AIM OF THE EXERCISE –
Without the pictures, write out all the lines below exactly as they appear.

Items from a dataset –
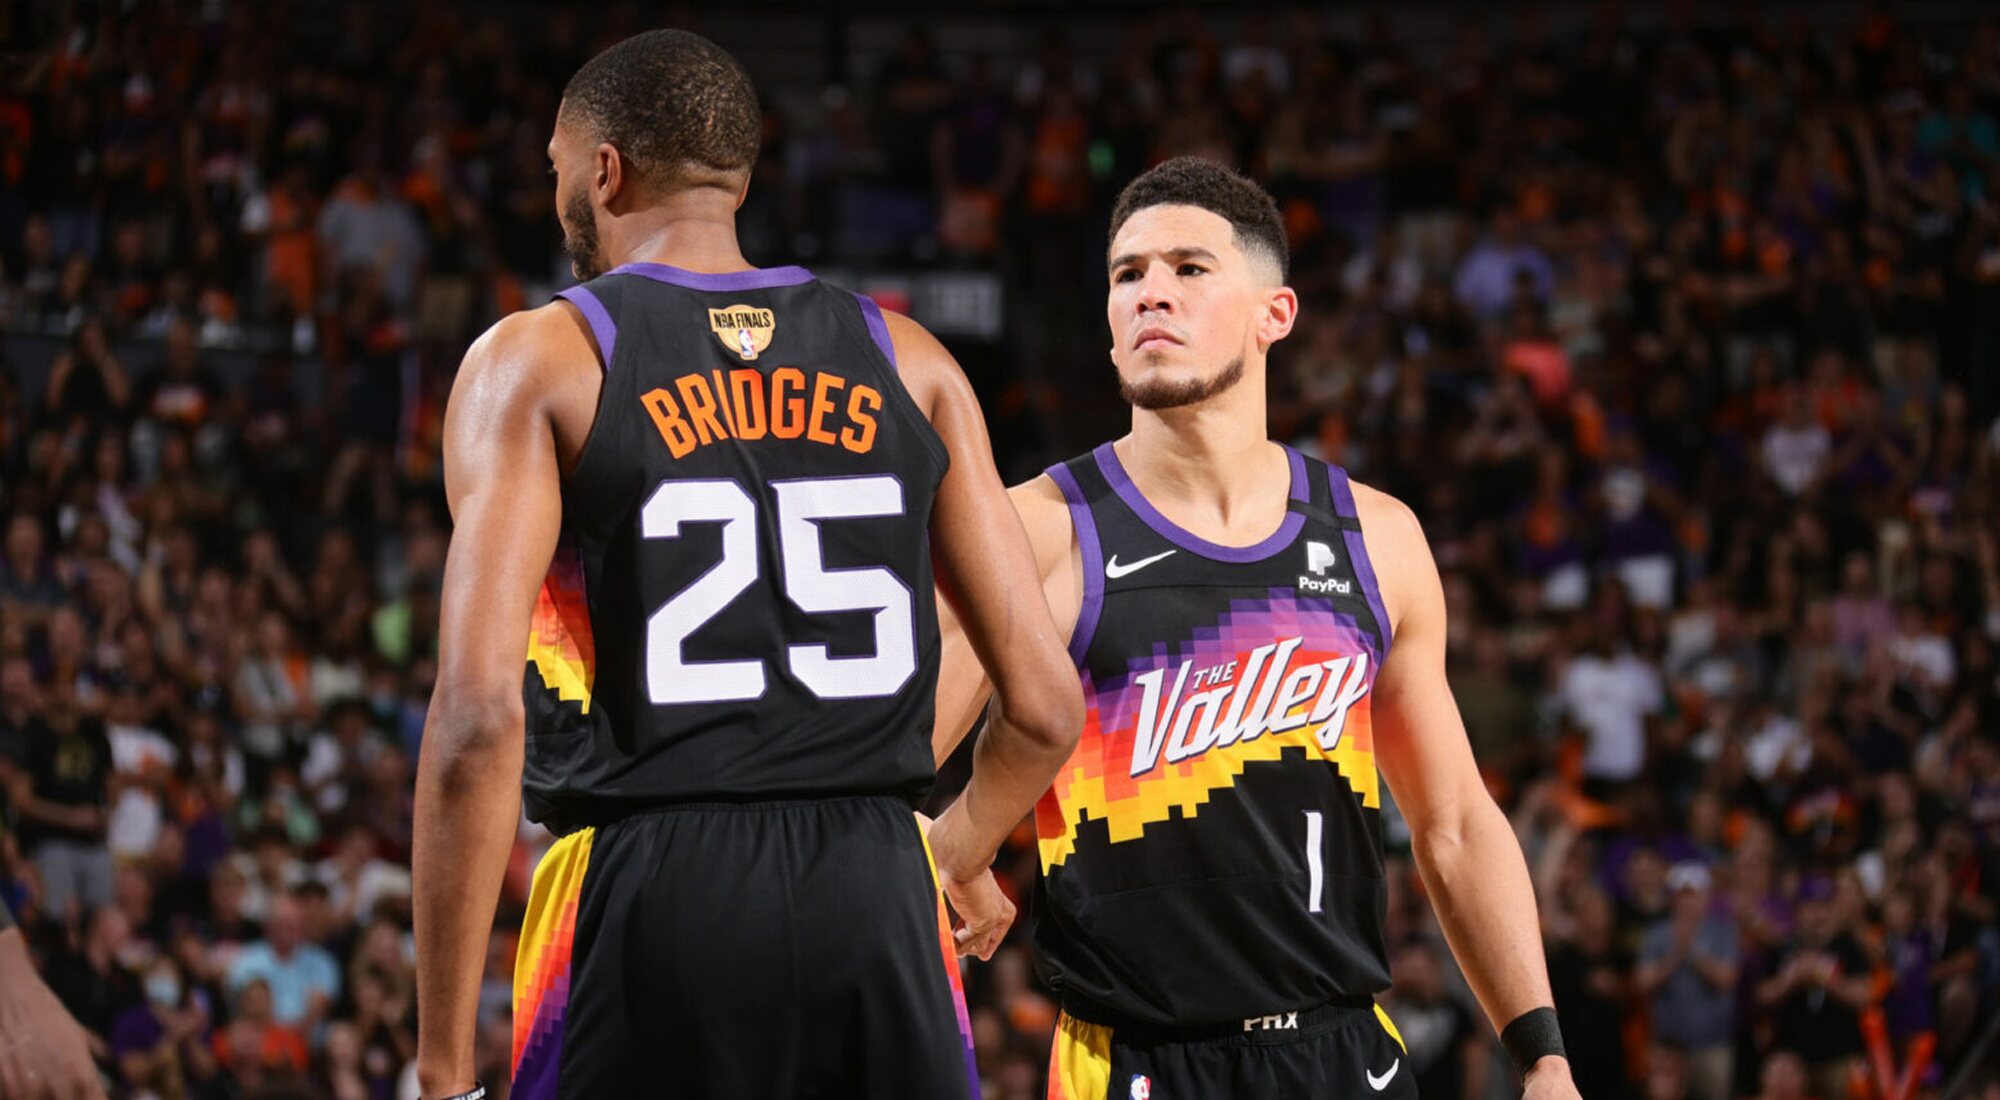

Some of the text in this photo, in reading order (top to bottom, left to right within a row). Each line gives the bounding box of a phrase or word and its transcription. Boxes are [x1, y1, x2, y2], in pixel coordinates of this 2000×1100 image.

[713, 311, 771, 328] NBA FINALS
[640, 367, 882, 459] BRIDGES
[641, 473, 918, 704] 25
[1299, 576, 1350, 594] PayPal
[1130, 636, 1369, 778] THE Valley
[1302, 810, 1323, 913] 1
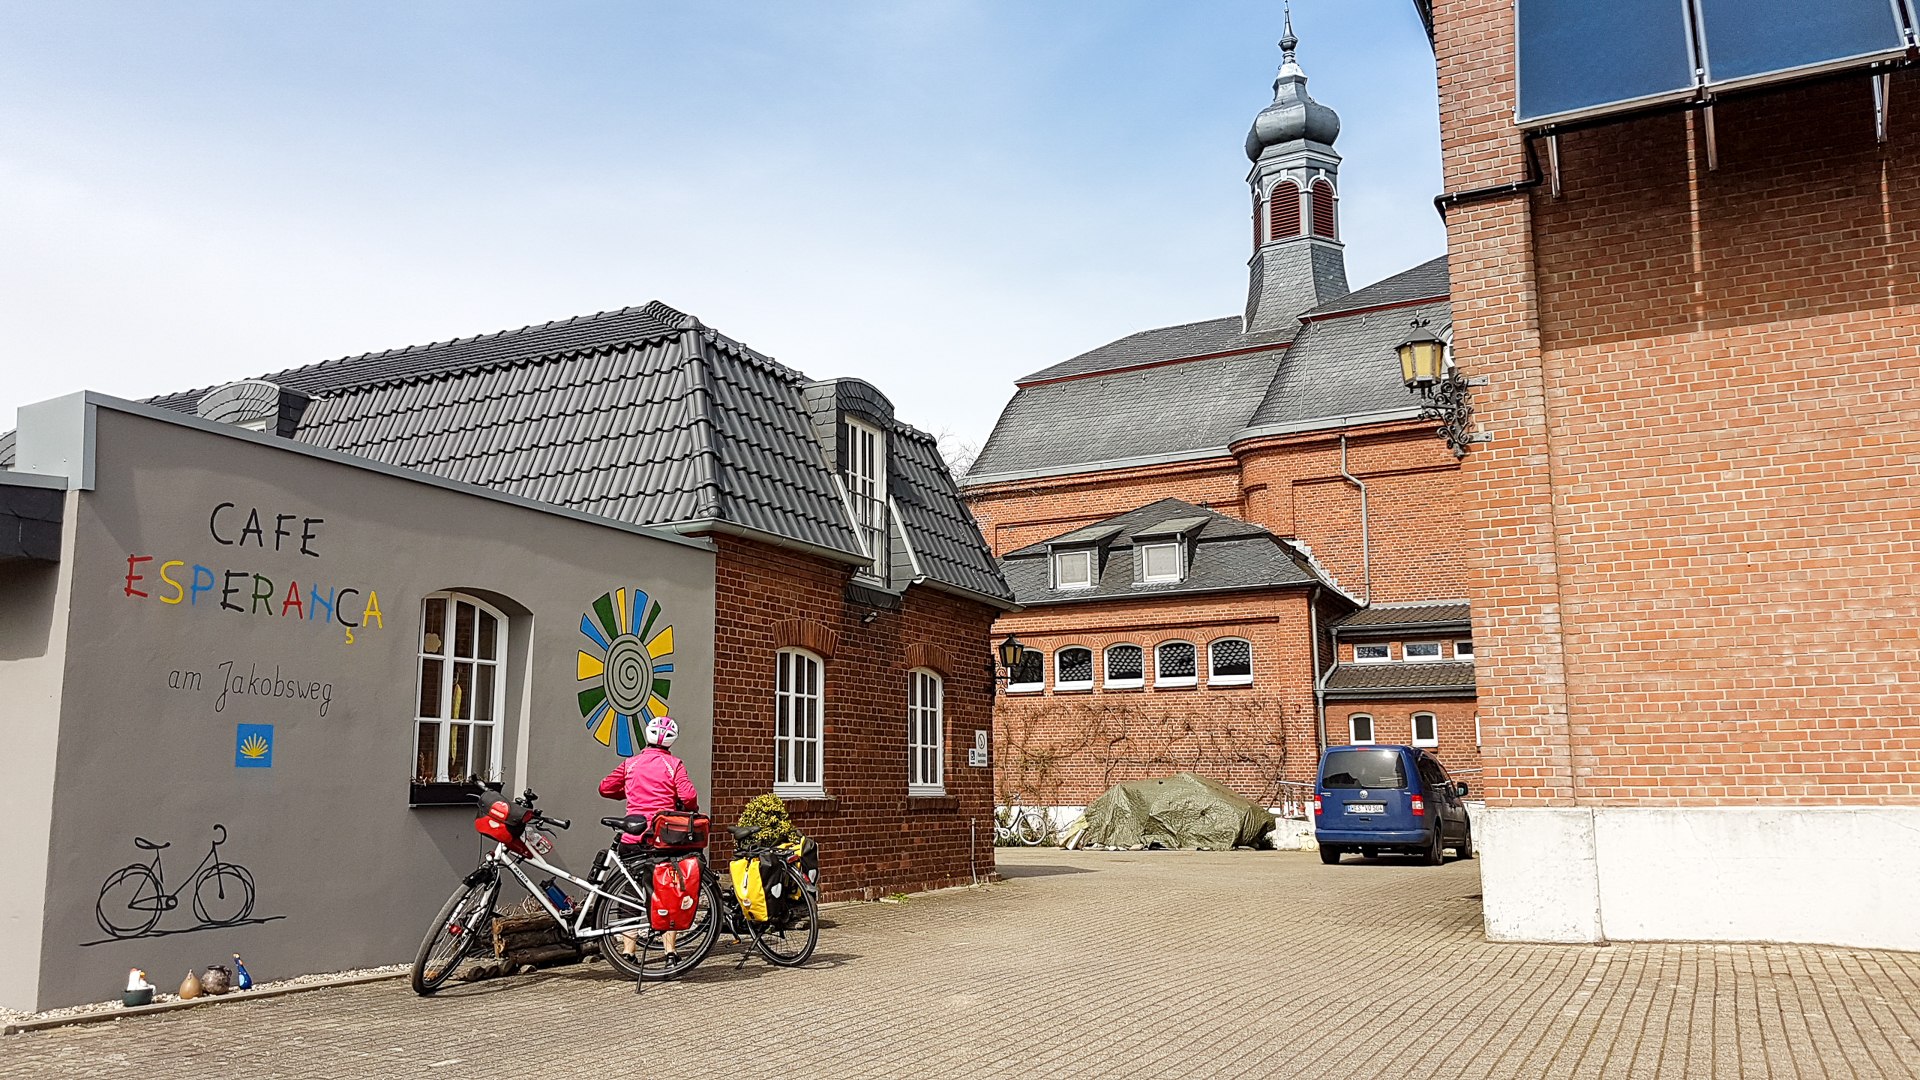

EXERCISE ANSWER –
Some of the text in this photo, in reading order (top to bottom, left to right within a row). Each line gives the bounding box of a phrase or word and its transcription. Boxes are [x1, y1, x2, y2], in pixel coordinates of this 2000×1100 image.

[713, 311, 771, 328] NBA FINALS
[640, 367, 882, 459] BRIDGES
[641, 473, 918, 704] 25
[1299, 576, 1350, 594] PayPal
[1130, 636, 1369, 778] THE Valley
[1302, 810, 1323, 913] 1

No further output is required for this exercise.